■ **Source material**:
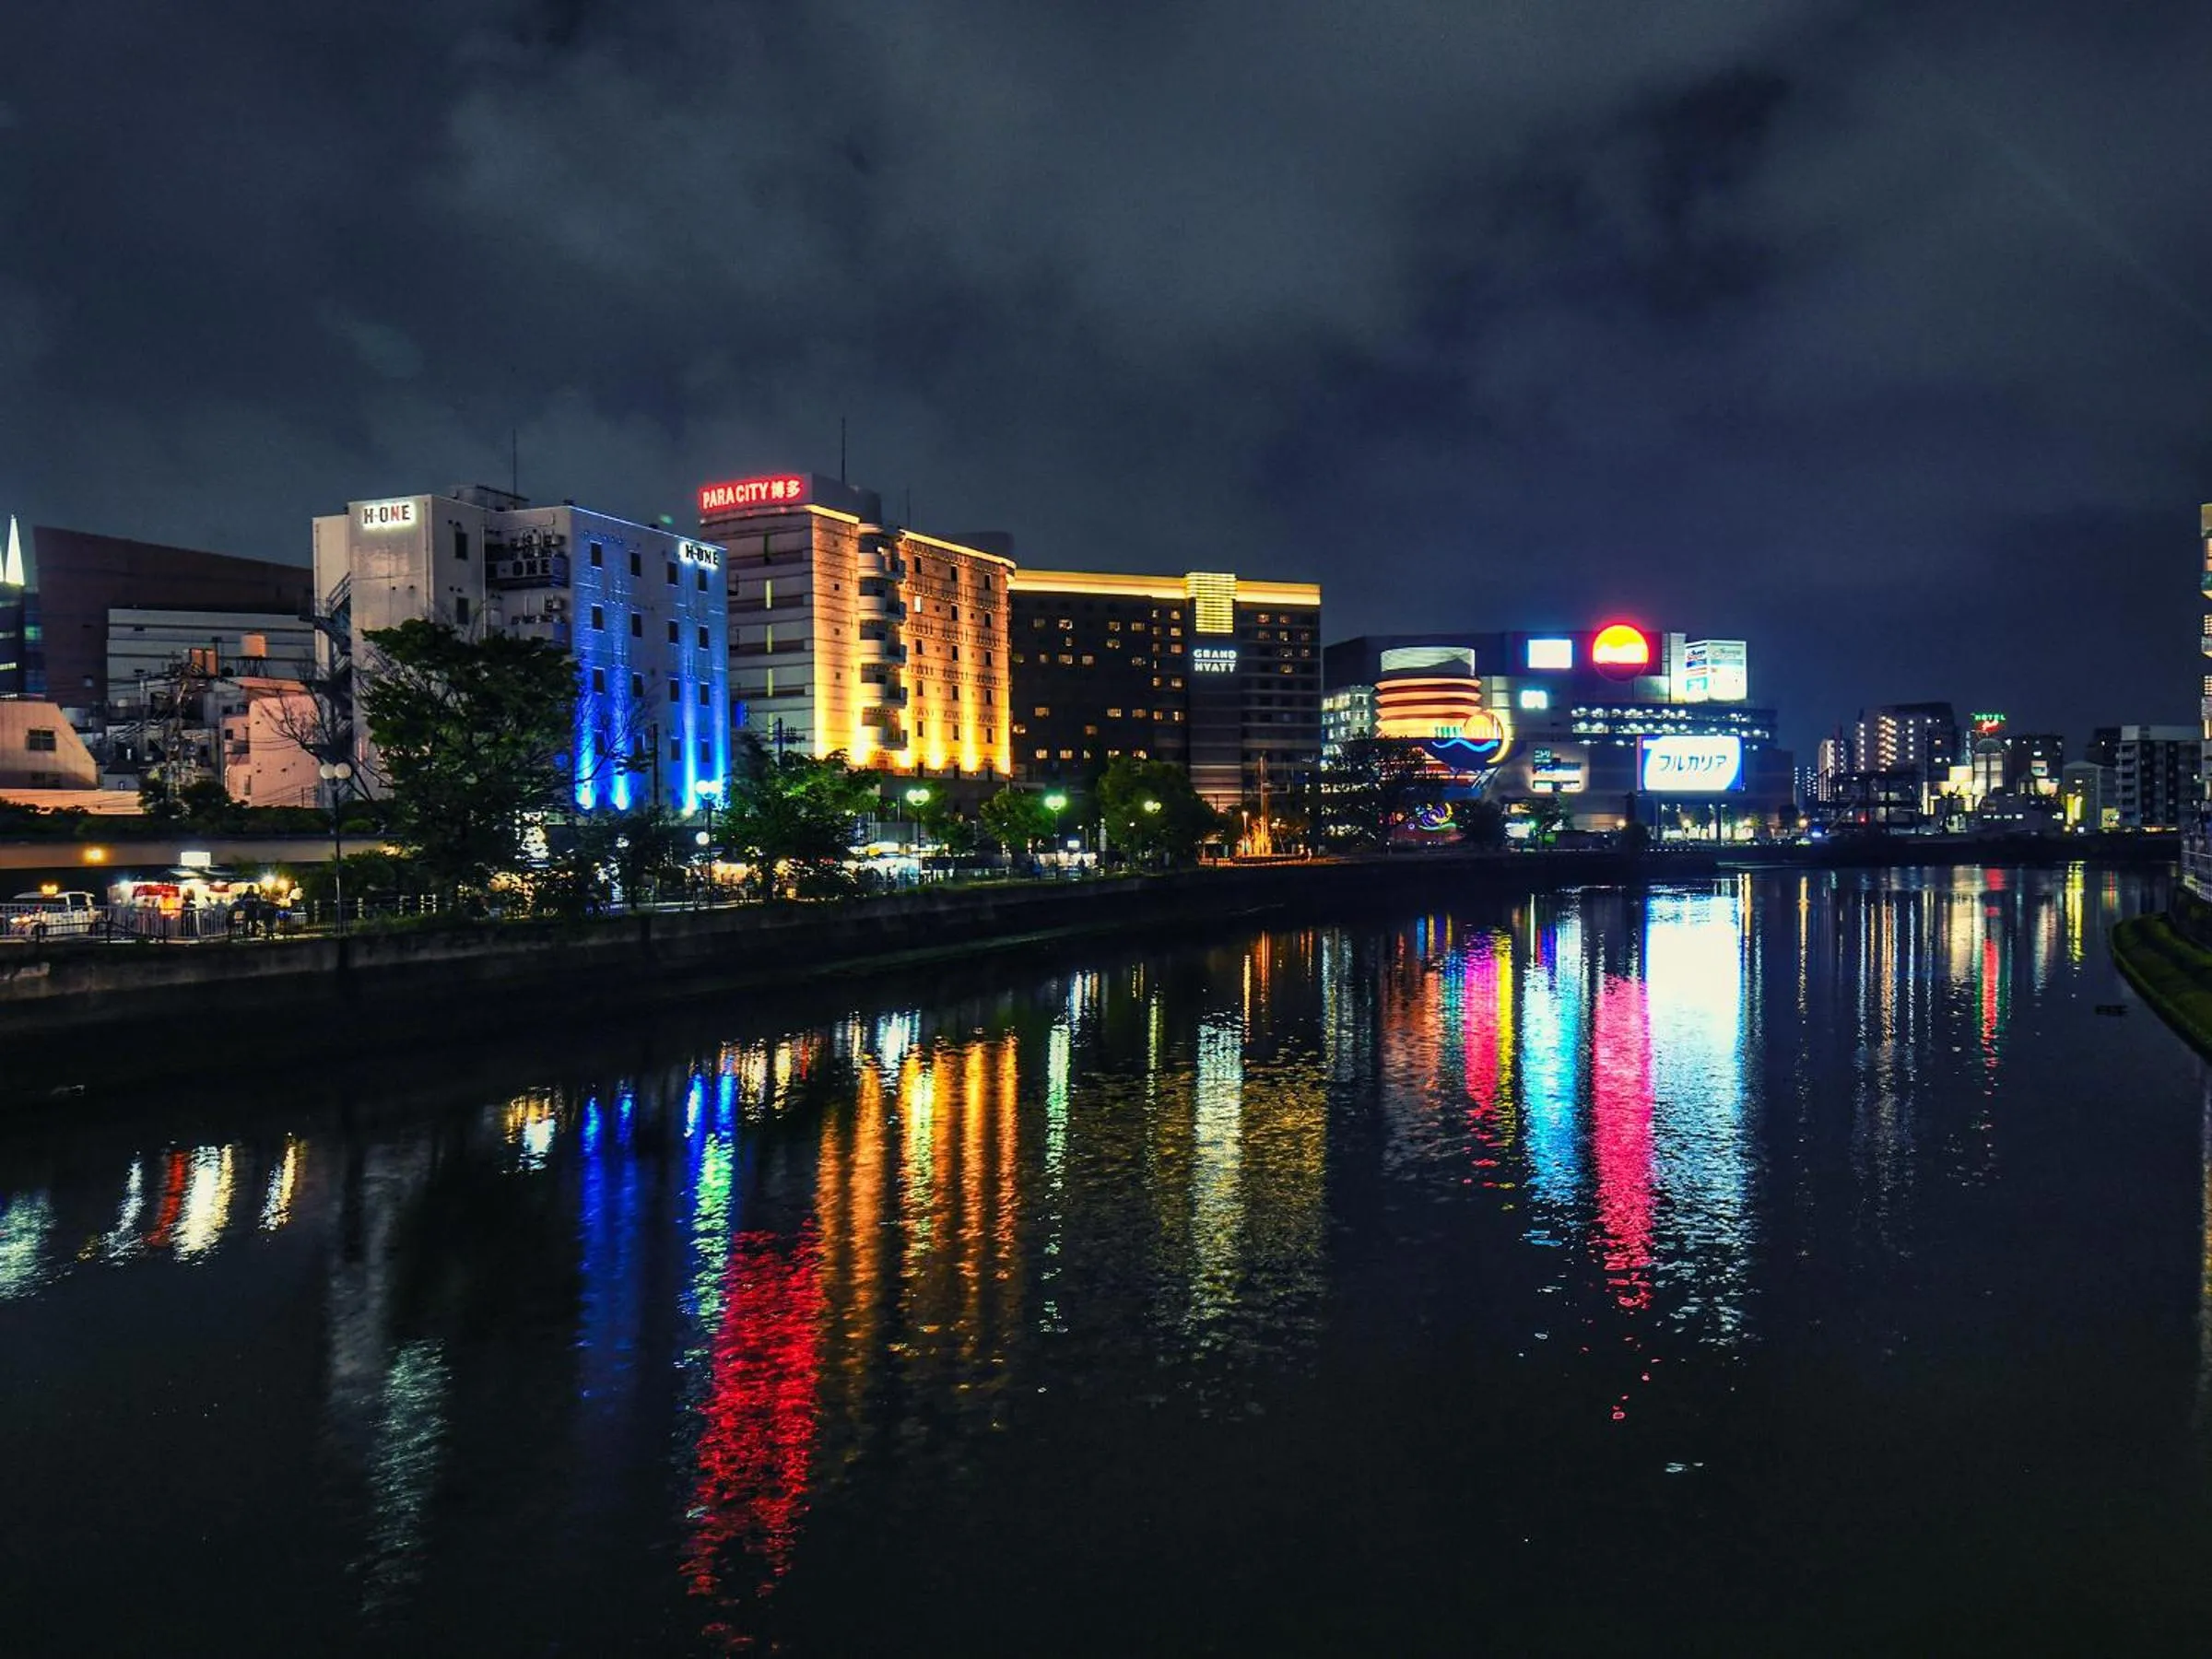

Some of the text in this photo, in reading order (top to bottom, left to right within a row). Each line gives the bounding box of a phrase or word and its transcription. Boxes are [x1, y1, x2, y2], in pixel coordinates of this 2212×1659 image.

[702, 481, 769, 510] PARACITY
[363, 504, 411, 524] H-ONE
[685, 544, 721, 566] H-ONE
[1193, 648, 1237, 660] GRAND
[1194, 663, 1236, 673] HYATT
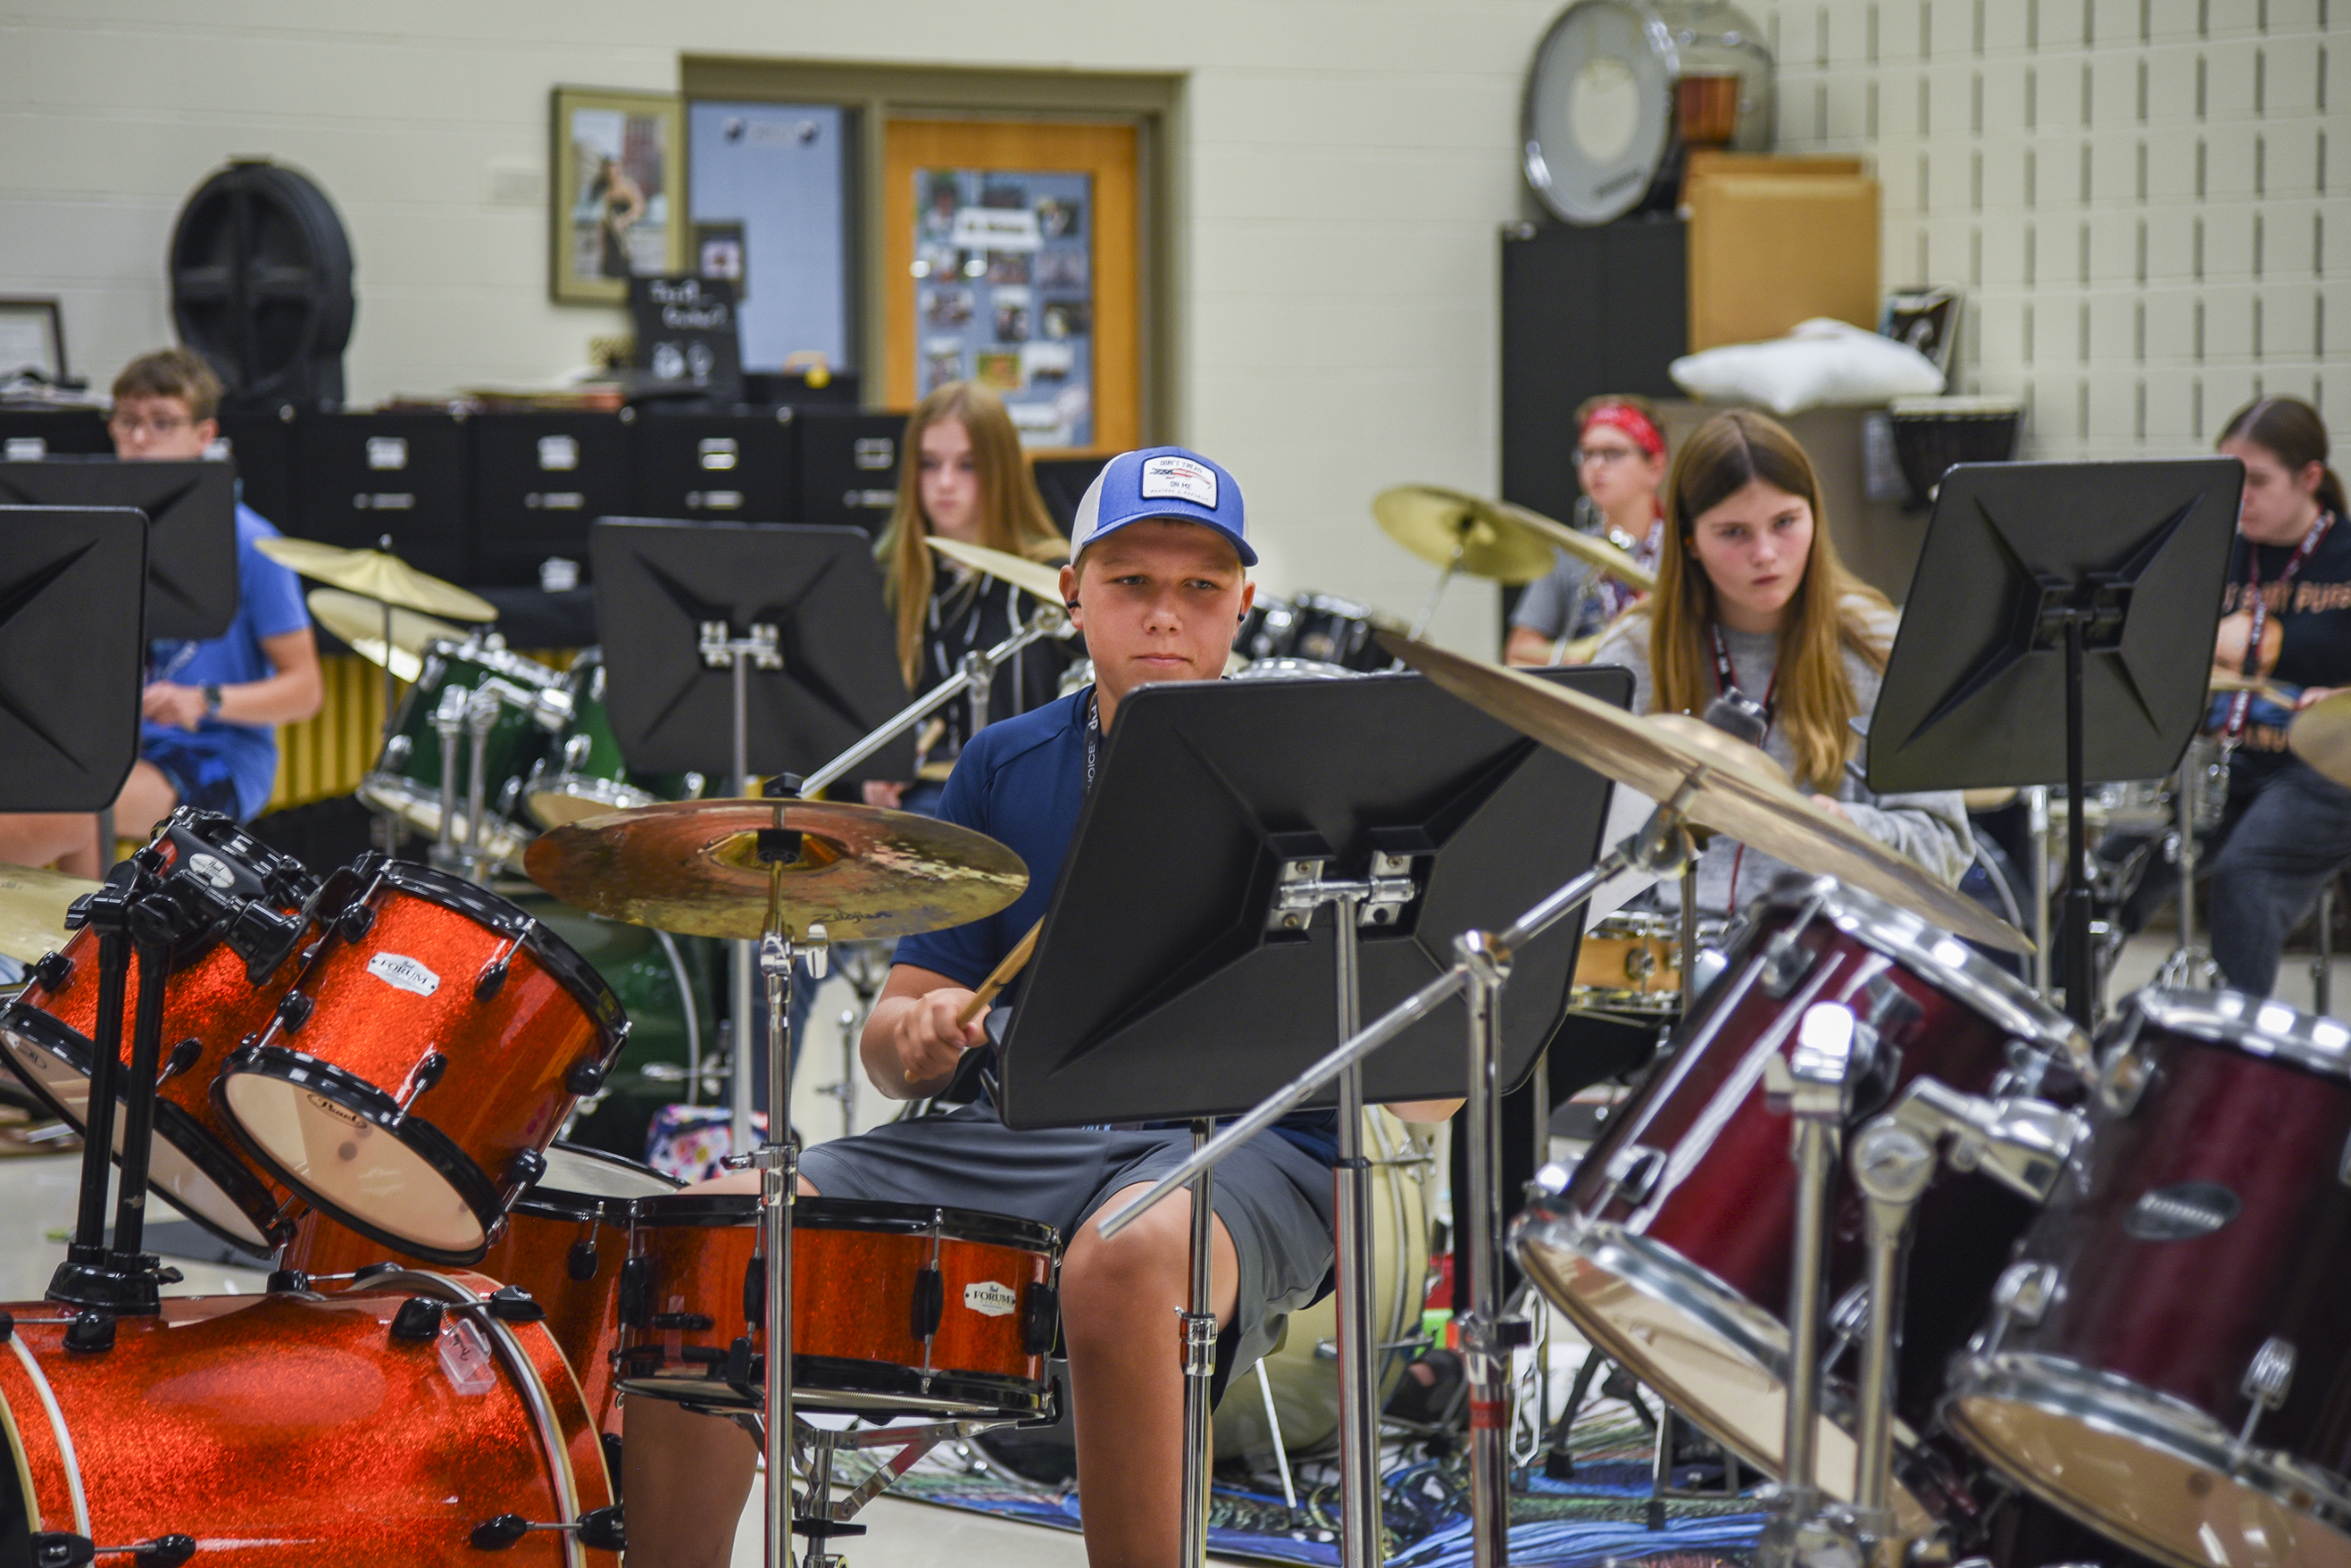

■ **Problem to work on**: Could you retype every record above exactly, leaving the pictures out?

■ **Solution**:
Some of the text in this photo, in reading order (top to bottom, left to right within a row). Each line gives the bounding box of a phrase or word and its transcription. Boxes are [x1, y1, x2, y2], in pixel coordinates of this 2212×1659 image.

[702, 481, 769, 510] PARACITY
[363, 504, 411, 524] H-ONE
[685, 544, 721, 566] H-ONE
[1193, 648, 1237, 660] GRAND
[1194, 663, 1236, 673] HYATT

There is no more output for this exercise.